(Records from a collection)

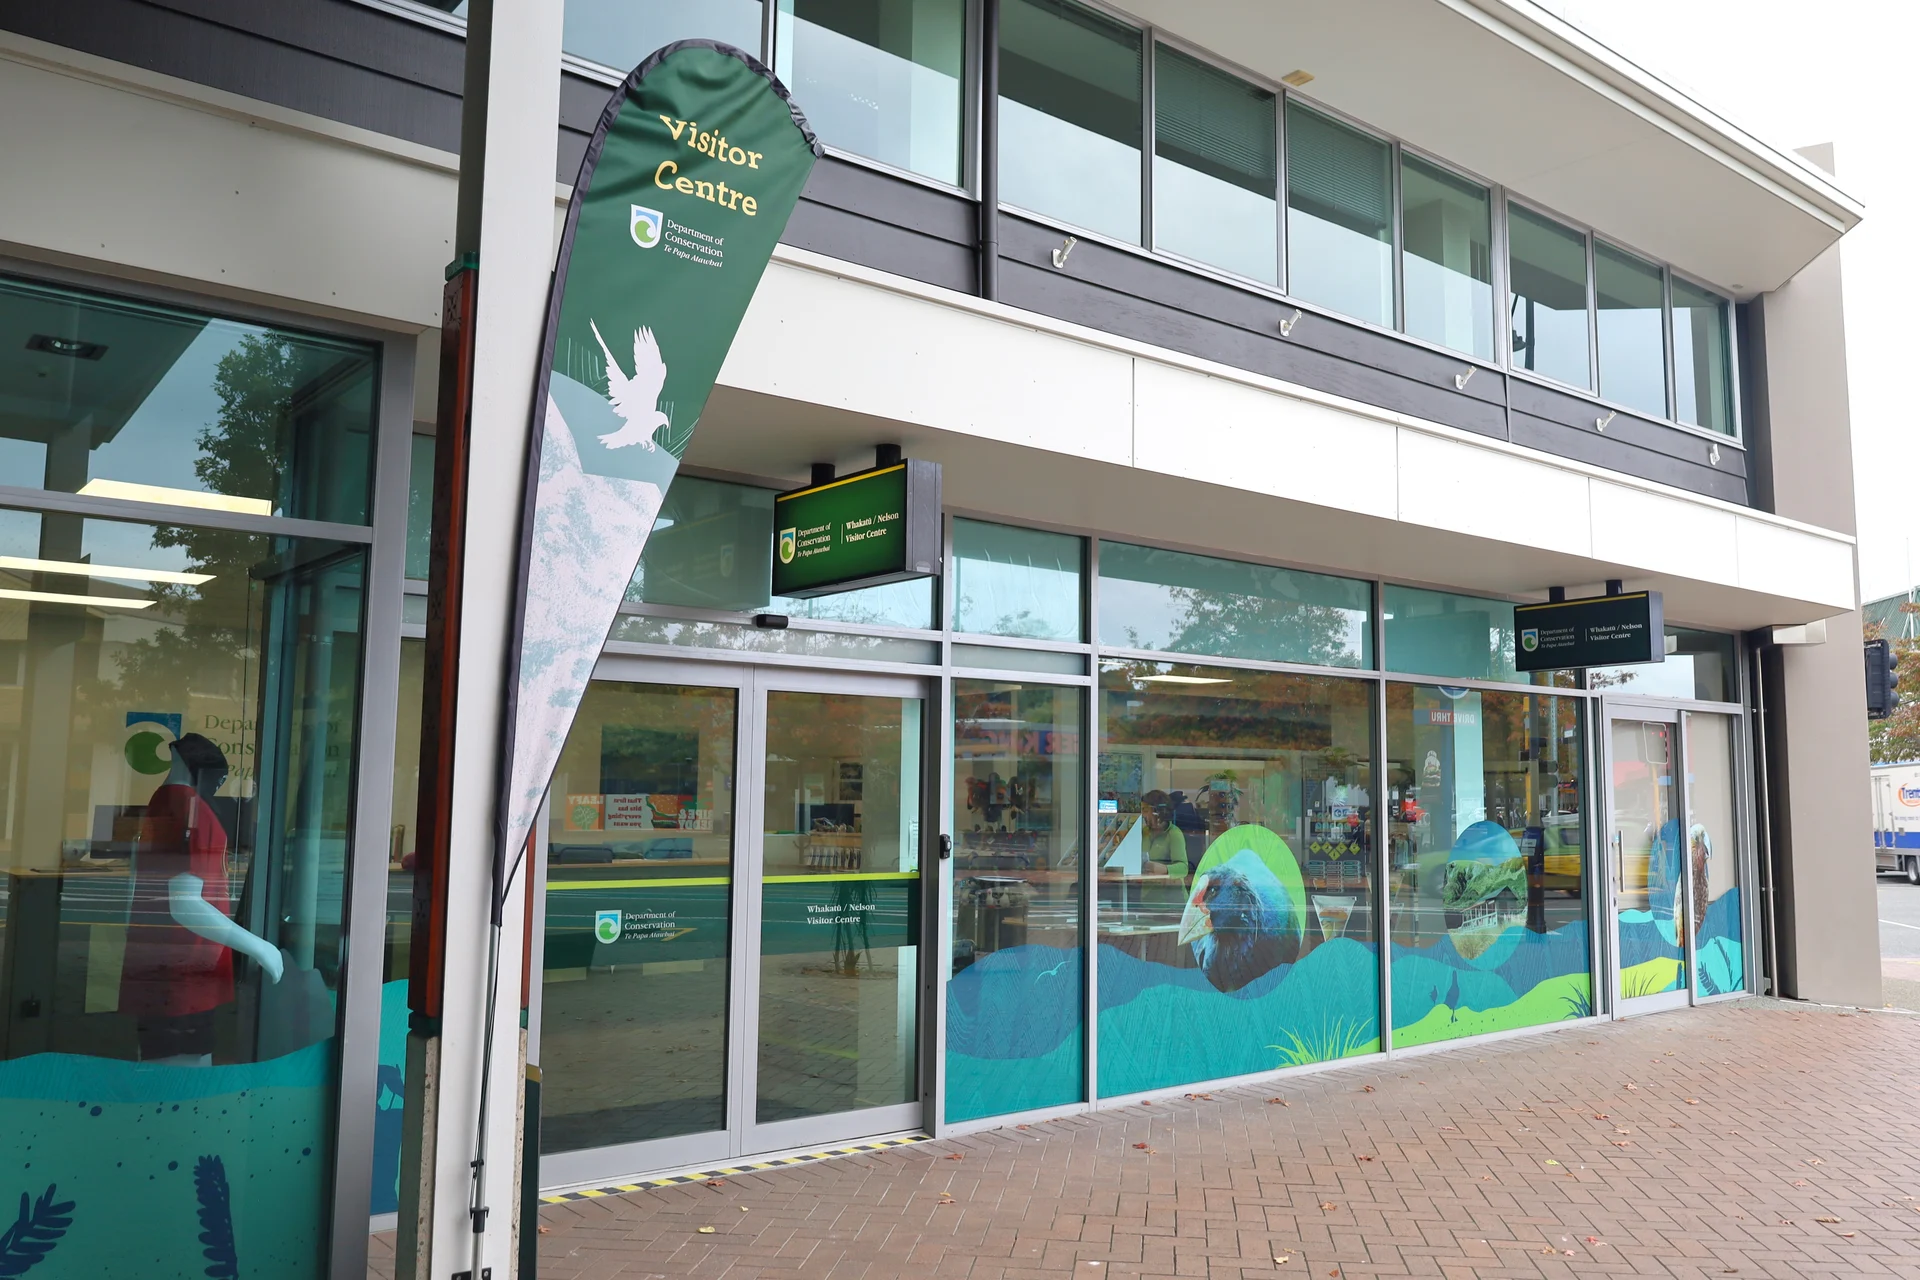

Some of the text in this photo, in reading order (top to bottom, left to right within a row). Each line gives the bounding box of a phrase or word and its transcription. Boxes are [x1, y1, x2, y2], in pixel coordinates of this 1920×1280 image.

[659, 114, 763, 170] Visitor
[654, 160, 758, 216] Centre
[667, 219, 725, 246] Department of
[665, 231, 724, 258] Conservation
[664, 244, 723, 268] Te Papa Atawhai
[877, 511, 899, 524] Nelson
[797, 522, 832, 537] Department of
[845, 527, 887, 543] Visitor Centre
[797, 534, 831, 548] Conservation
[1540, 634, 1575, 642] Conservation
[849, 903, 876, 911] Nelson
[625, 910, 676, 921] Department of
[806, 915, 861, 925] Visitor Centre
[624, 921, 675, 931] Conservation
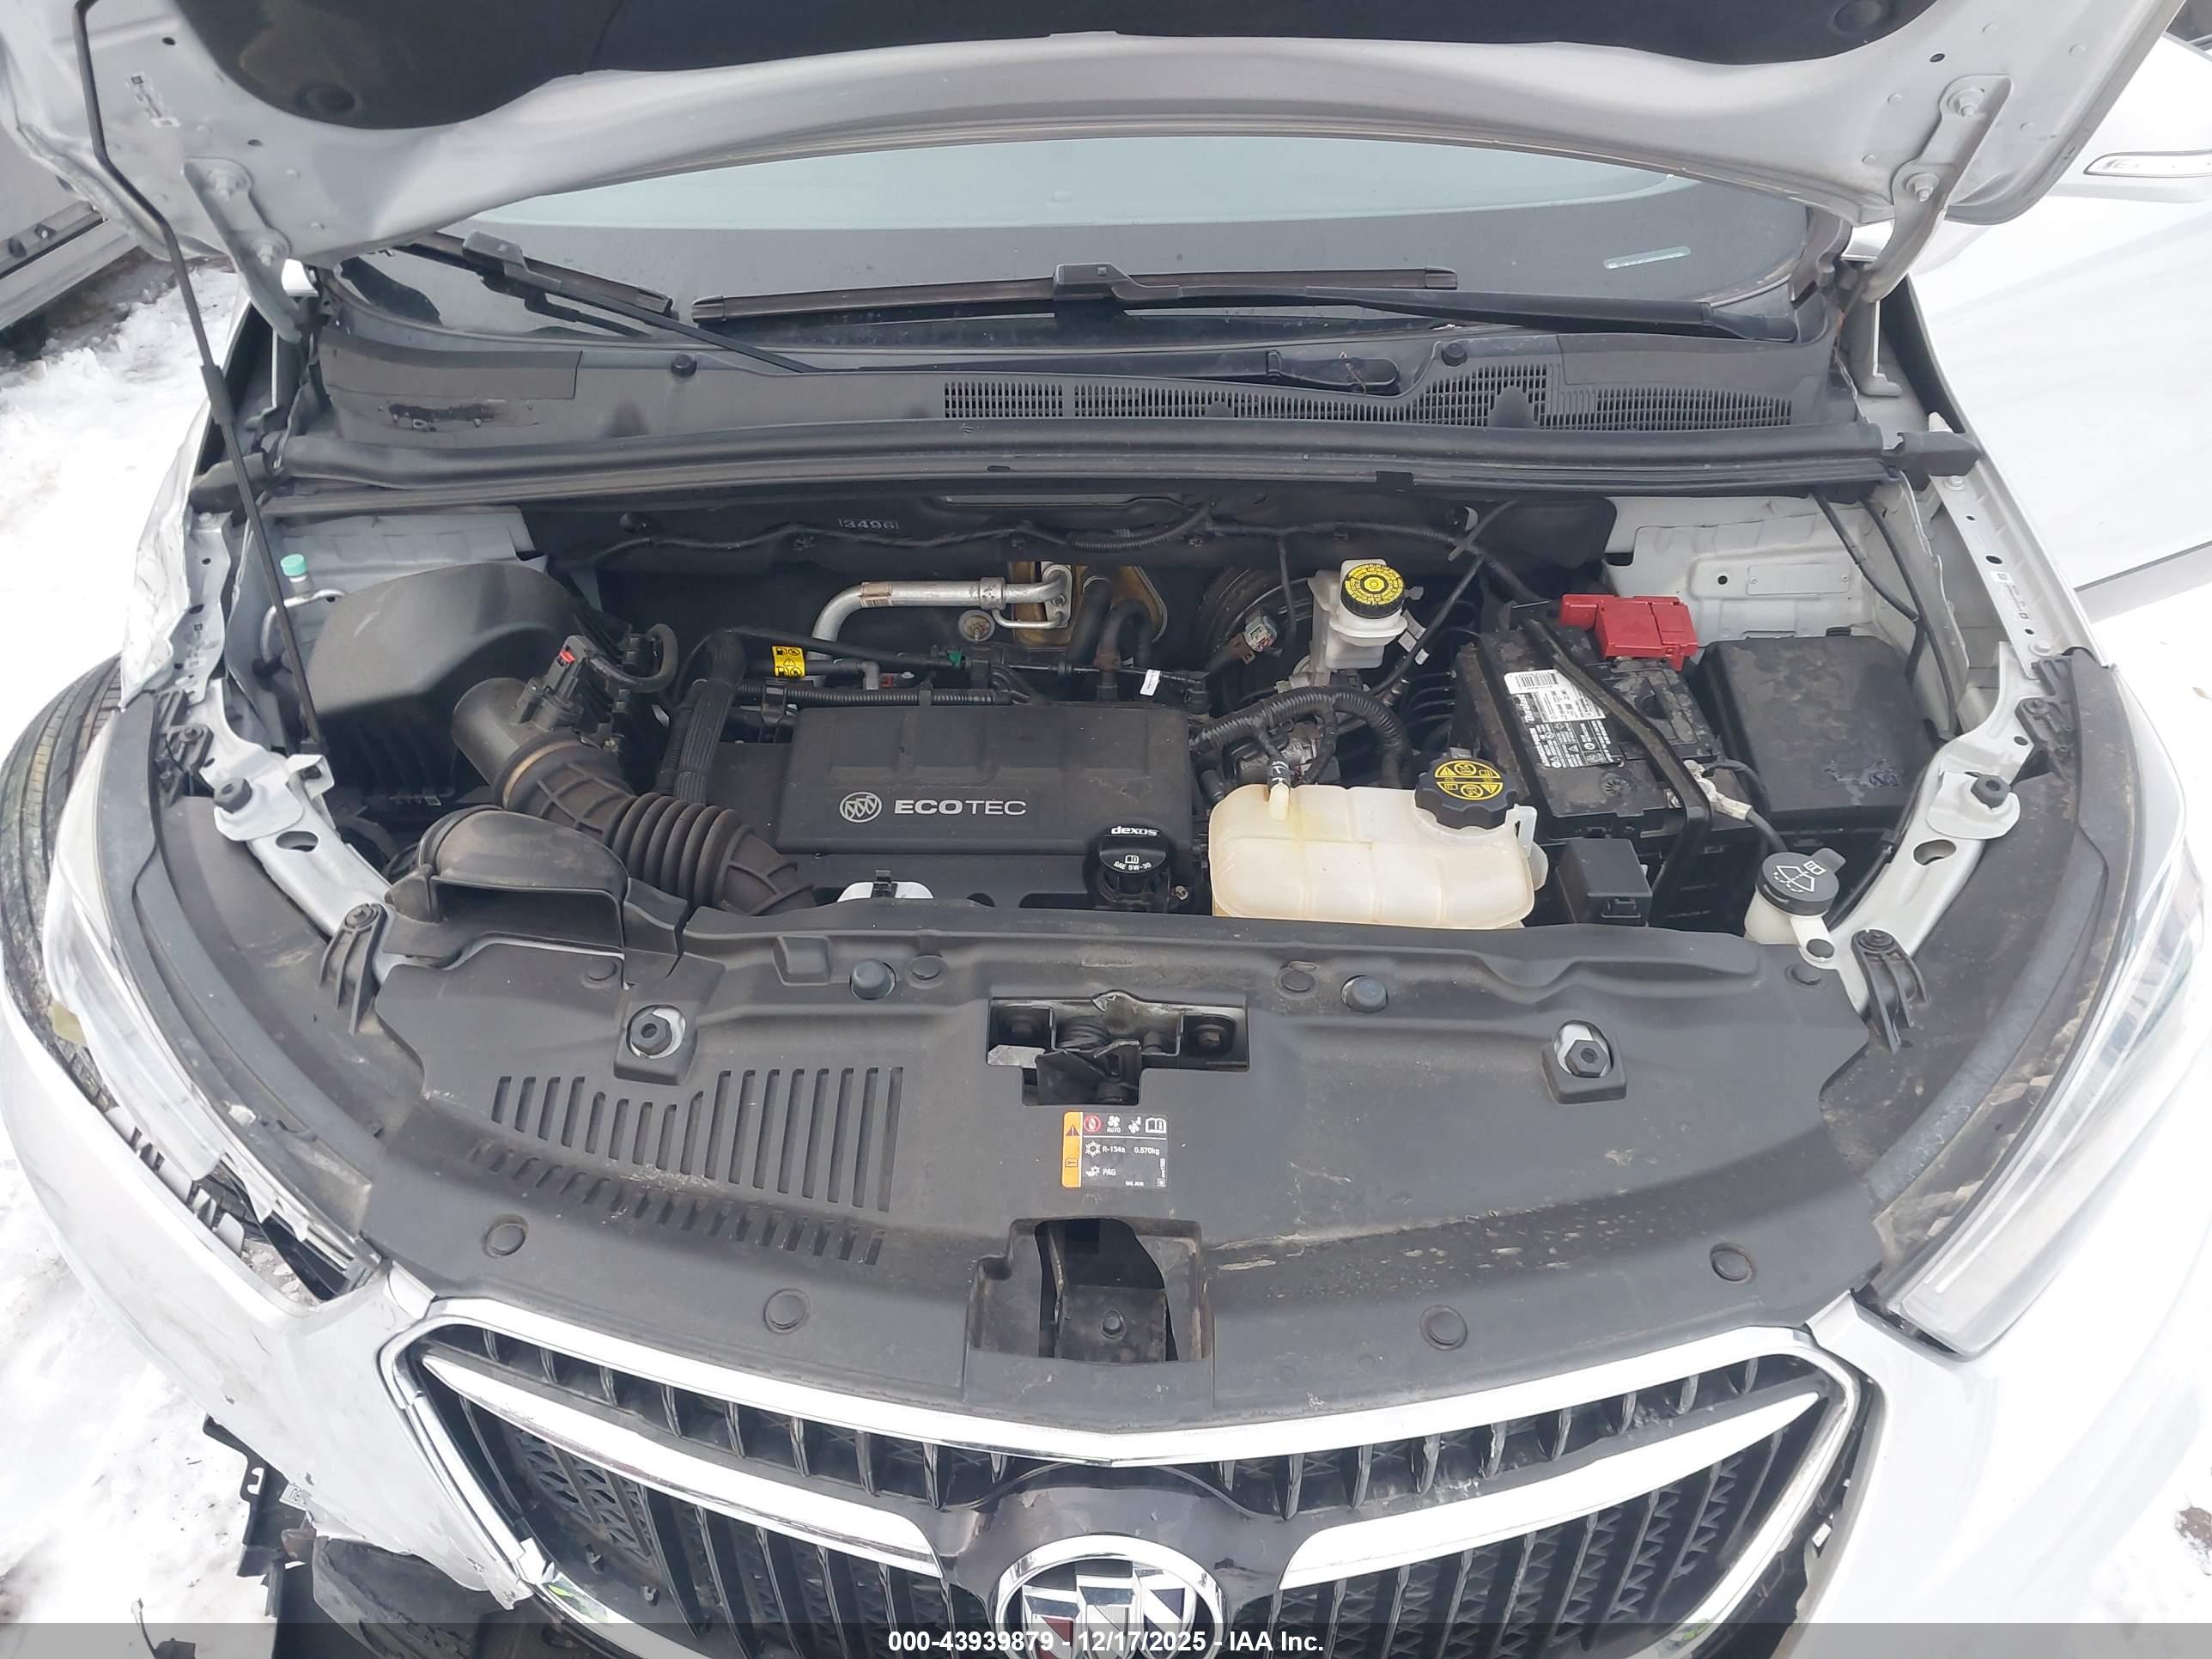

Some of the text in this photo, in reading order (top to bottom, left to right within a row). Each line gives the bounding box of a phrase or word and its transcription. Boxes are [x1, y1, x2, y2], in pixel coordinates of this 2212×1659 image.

- _ASSIGNMENT_
Copy out all of the entries exactly as they stand, with no pictures in your copy.

- _WORKED SOLUTION_
Some of the text in this photo, in reading order (top to bottom, left to right within a row). Each line gives the bounding box of a phrase or word and its transcription. Boxes are [x1, y1, x2, y2], in pixel coordinates of this 1920×1280 image.

[659, 114, 763, 170] Visitor
[654, 160, 758, 216] Centre
[667, 219, 725, 246] Department of
[665, 231, 724, 258] Conservation
[664, 244, 723, 268] Te Papa Atawhai
[877, 511, 899, 524] Nelson
[797, 522, 832, 537] Department of
[845, 527, 887, 543] Visitor Centre
[797, 534, 831, 548] Conservation
[1540, 634, 1575, 642] Conservation
[849, 903, 876, 911] Nelson
[625, 910, 676, 921] Department of
[806, 915, 861, 925] Visitor Centre
[624, 921, 675, 931] Conservation

Some of the text in this photo, in reading order (top to bottom, left to right within a row). Each line gives the bounding box of a phrase or word and its transcription. Boxes are [x1, y1, x2, y2], in pixel coordinates of this 2212×1659 image.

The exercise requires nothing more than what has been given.